During the verification of such signature, normally a public key will be reconstructed from the signature, and then that public key will be used to derive an address of the same type (e.g., P2PKH/P2WPKH) and a signature is considered valid if the address derived matched with the claimed 'signing address'.

From the signature you have provided, it is possible to derive the public key '034ba1207ba951038c4d6b75a9a17041479a58fa726ad9635b47e0e70d7ffd1837', which corresponds to the address '19C7EwHP5FN32YPrMRfW7mkFKg3FYwyAzr' in P2PKH and 'bc1ps5pt865e77nr9t9z7fdefryx27lsz0ced875lxcc68lszvc7x3qsxx25fy' in P2TR.

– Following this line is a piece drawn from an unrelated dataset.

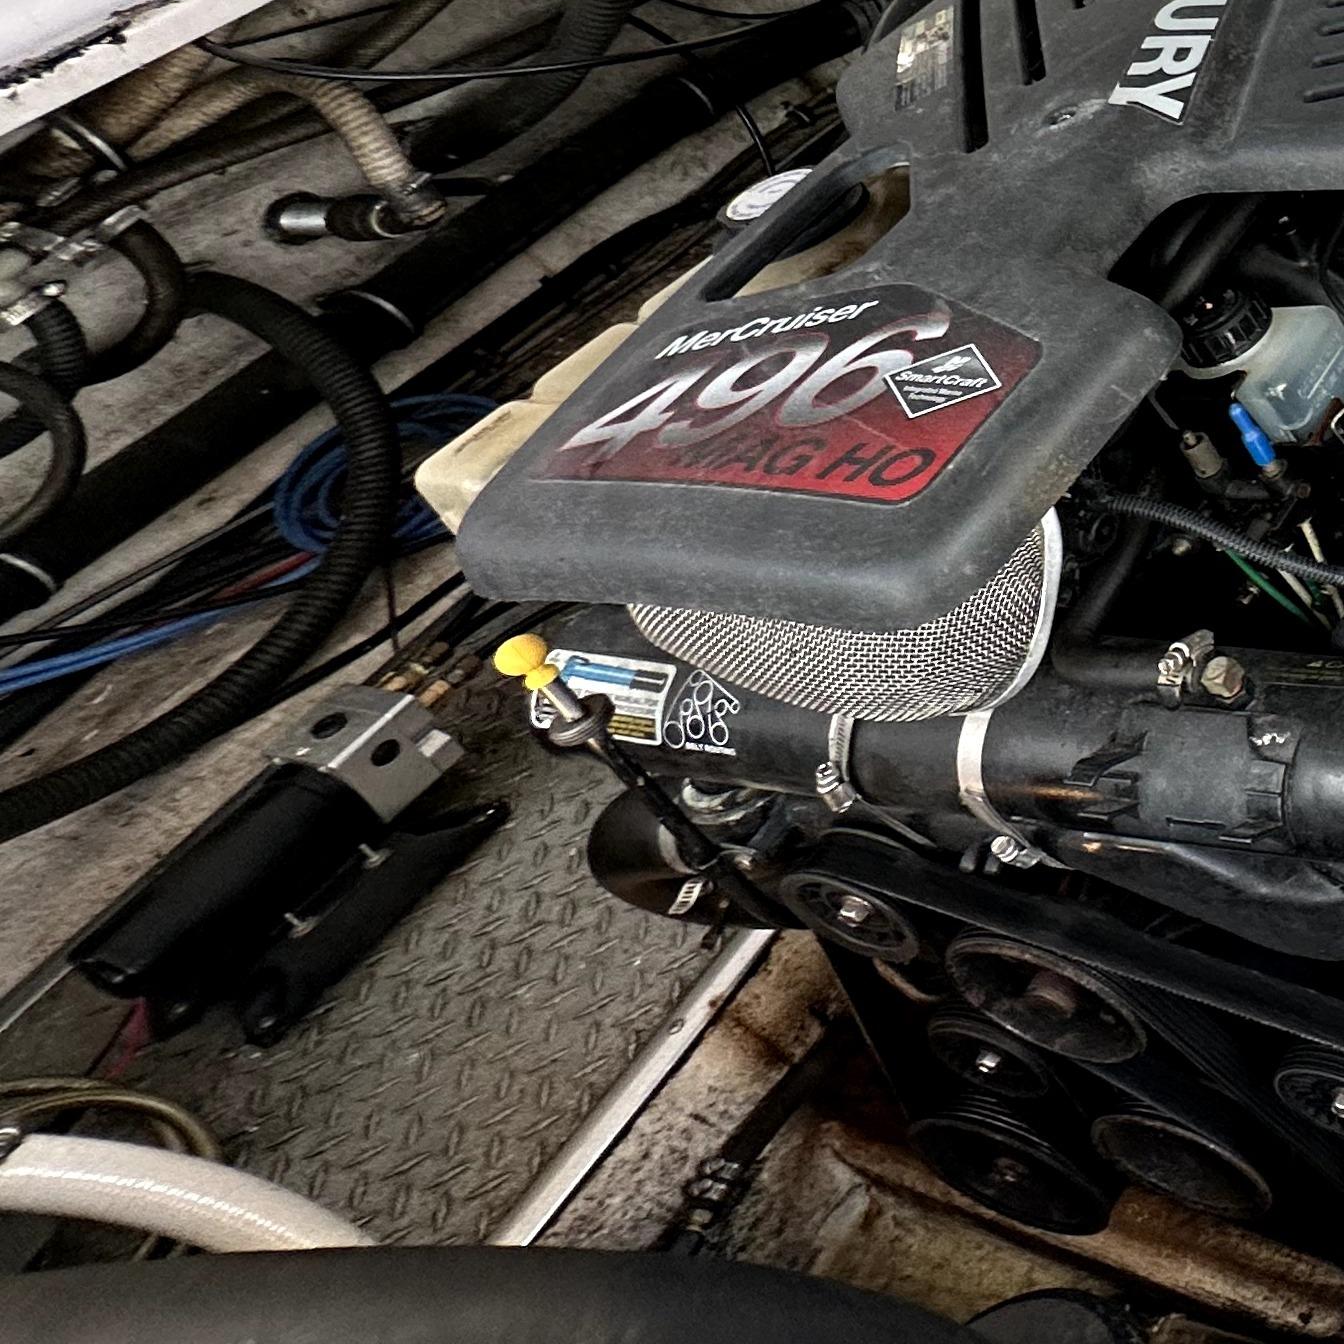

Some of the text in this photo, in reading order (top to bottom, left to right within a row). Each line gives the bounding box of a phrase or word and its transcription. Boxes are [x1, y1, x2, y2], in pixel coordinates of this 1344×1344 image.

[655, 300, 879, 360] MerCruiser
[560, 312, 951, 462] 496
[815, 442, 938, 487] HO

With that knowledge, you can then use a Bitcoin Signature Verifier to verify that the signature 'HxOxevYmNjW58m/TBcewrpLbOC0NXjwnWO+jccW9tq8JbdtjI8modbmYbJNVO6PpE9MATfiZeU/S/GbmozNhV4Y=' is in fact a valid signature signed by '19C7EwHP5FN32YPrMRfW7mkFKg3FYwyAzr' for the message 'bitcheckdiuq5gh179v9r5vwmw58ijtkea1vb4idr92khiu'.

Since both address '19C7EwHP5FN32YPrMRfW7mkFKg3FYwyAzr' and 'bc1ps5pt865e77nr9t9z7fdefryx27lsz0ced875lxcc68lszvc7x3qsxx25fy' have the same underlying public key, control of the address '19C7EwHP5FN32YPrMRfW7mkFKg3FYwyAzr' do implies that the user also control 'bc1ps5pt865e77nr9t9z7fdefryx27lsz0ced875lxcc68lszvc7x3qsxx25fy'. Hence, the verification is successful.

I believe this is an extended/customized uses of the BIP-137 Legacy Signature Scheme, rather than a BIP-322 signature, since such usage is not mentioned explicitly within the standard.

Considering that the implementation should be rather trivial, and Sparrow wallet is indeed used by lots of people, I think I will implement support for such usage in the next release.

Thanks for reporting the issue.

Answer 6 · 2023-08-19T14:27:45.000Z

i know i've been a burden, just one last thing is there a package that can handle the extraction of the public key and the address ?
thank you a lot!

Answer 7 · 2023-08-20T06:45:25.000Z

The following code should work after upgrading to the v1.1.0 release:

const { Verifier } = require('bip322-js');

const address = 'bc1ps5pt865e77nr9t9z7fdefryx27lsz0ced875lxcc68lszvc7x3qsxx25fy';
const message = 'bitcheckdiuq5gh179v9r5vwmw58ijtkea1vb4idr92khiu';
const signature = 'HxOxevYmNjW58m/TBcewrpLbOC0NXjwnWO+jccW9tq8JbdtjI8modbmYbJNVO6PpE9MATfiZeU/S/GbmozNhV4Y=';

console.log(Verifier.verifySignature(address, message, signature)); // True

You can also assess the function to extract public key from BIP-137 signature via the BIP137 class, and convert public key into Bitcoin address via the Address class within the package.
Please refer to the documentation for more details.

Thanks again for reporting the issue.